## Problem:
Produce a verbatim transcription of the entries, with all pictures omitted.

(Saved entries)
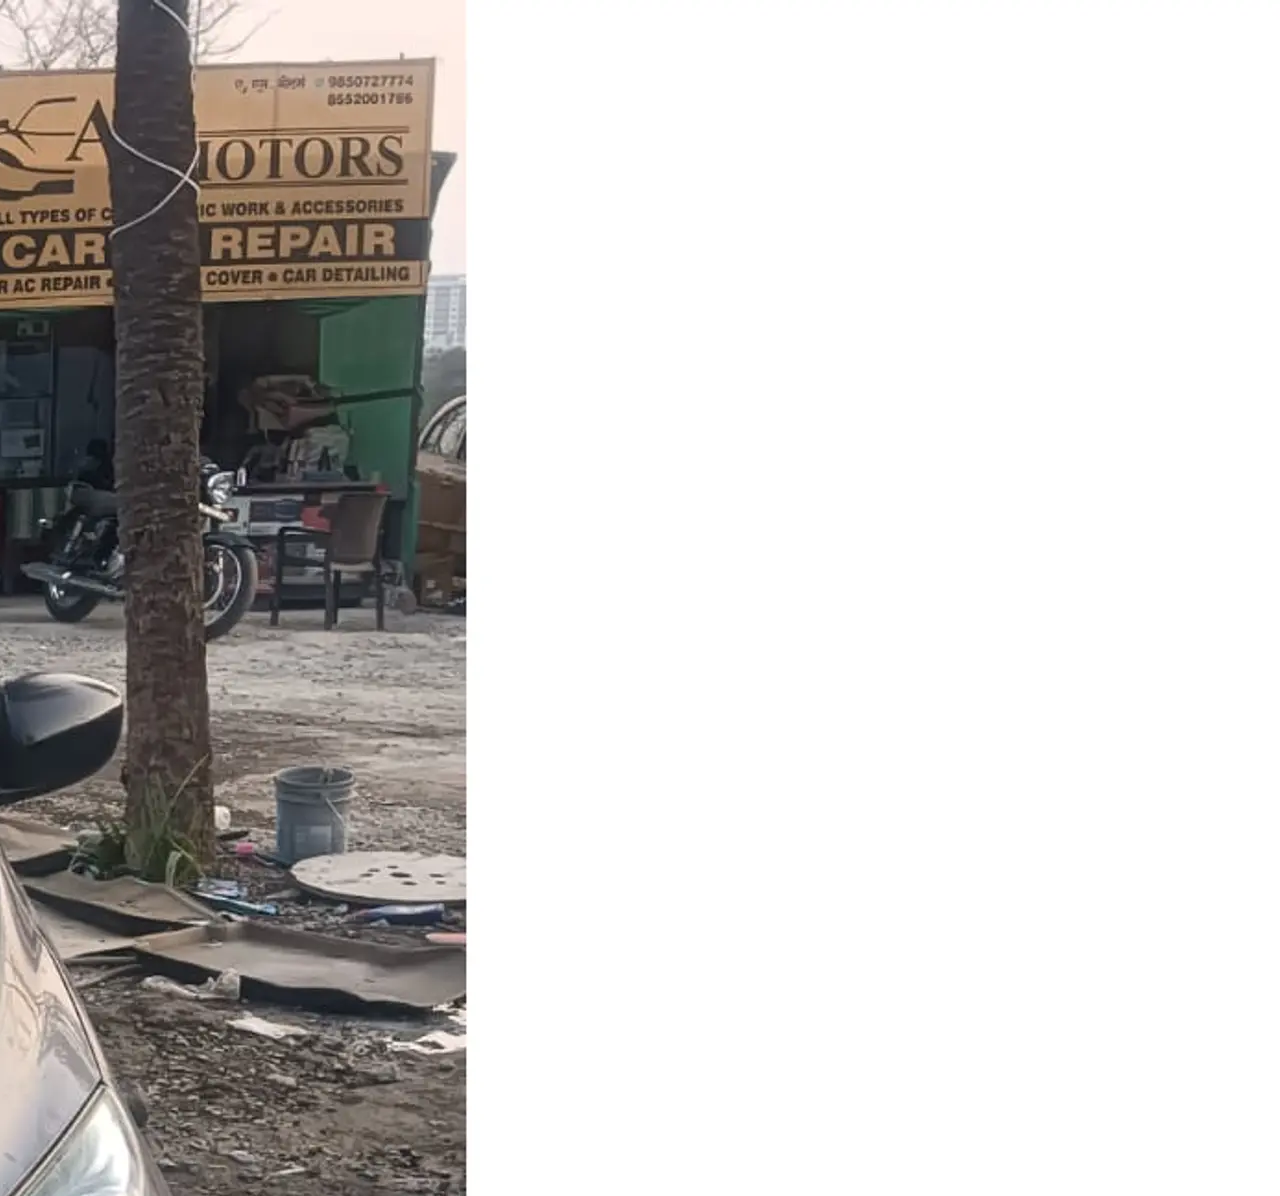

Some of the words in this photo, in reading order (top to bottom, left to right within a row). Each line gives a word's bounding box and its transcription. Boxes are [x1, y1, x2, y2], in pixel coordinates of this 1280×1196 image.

[20, 209, 70, 223] TYPES
[74, 208, 97, 222] OF
[221, 201, 269, 217] WORK
[274, 201, 286, 215] &
[291, 198, 404, 215] ACCESSORIES
[1, 232, 105, 269] CAR
[209, 222, 396, 260] REPAIR
[13, 278, 37, 293] AC
[41, 275, 101, 291] REPAIR
[206, 268, 263, 286] COVER
[283, 268, 316, 283] CAR
[322, 265, 411, 282] DETAILING

## Task response:
Some of the words in this photo, in reading order (top to bottom, left to right within a row). Each line gives a word's bounding box and its transcription. Boxes are [x1, y1, x2, y2], in pixel coordinates of this 1280×1196 image.

[20, 209, 70, 223] TYPES
[74, 208, 97, 222] OF
[221, 201, 269, 217] WORK
[274, 201, 286, 215] &
[291, 198, 404, 215] ACCESSORIES
[1, 232, 105, 269] CAR
[209, 222, 396, 260] REPAIR
[13, 278, 37, 293] AC
[41, 275, 101, 291] REPAIR
[206, 268, 263, 286] COVER
[283, 268, 316, 283] CAR
[322, 265, 411, 282] DETAILING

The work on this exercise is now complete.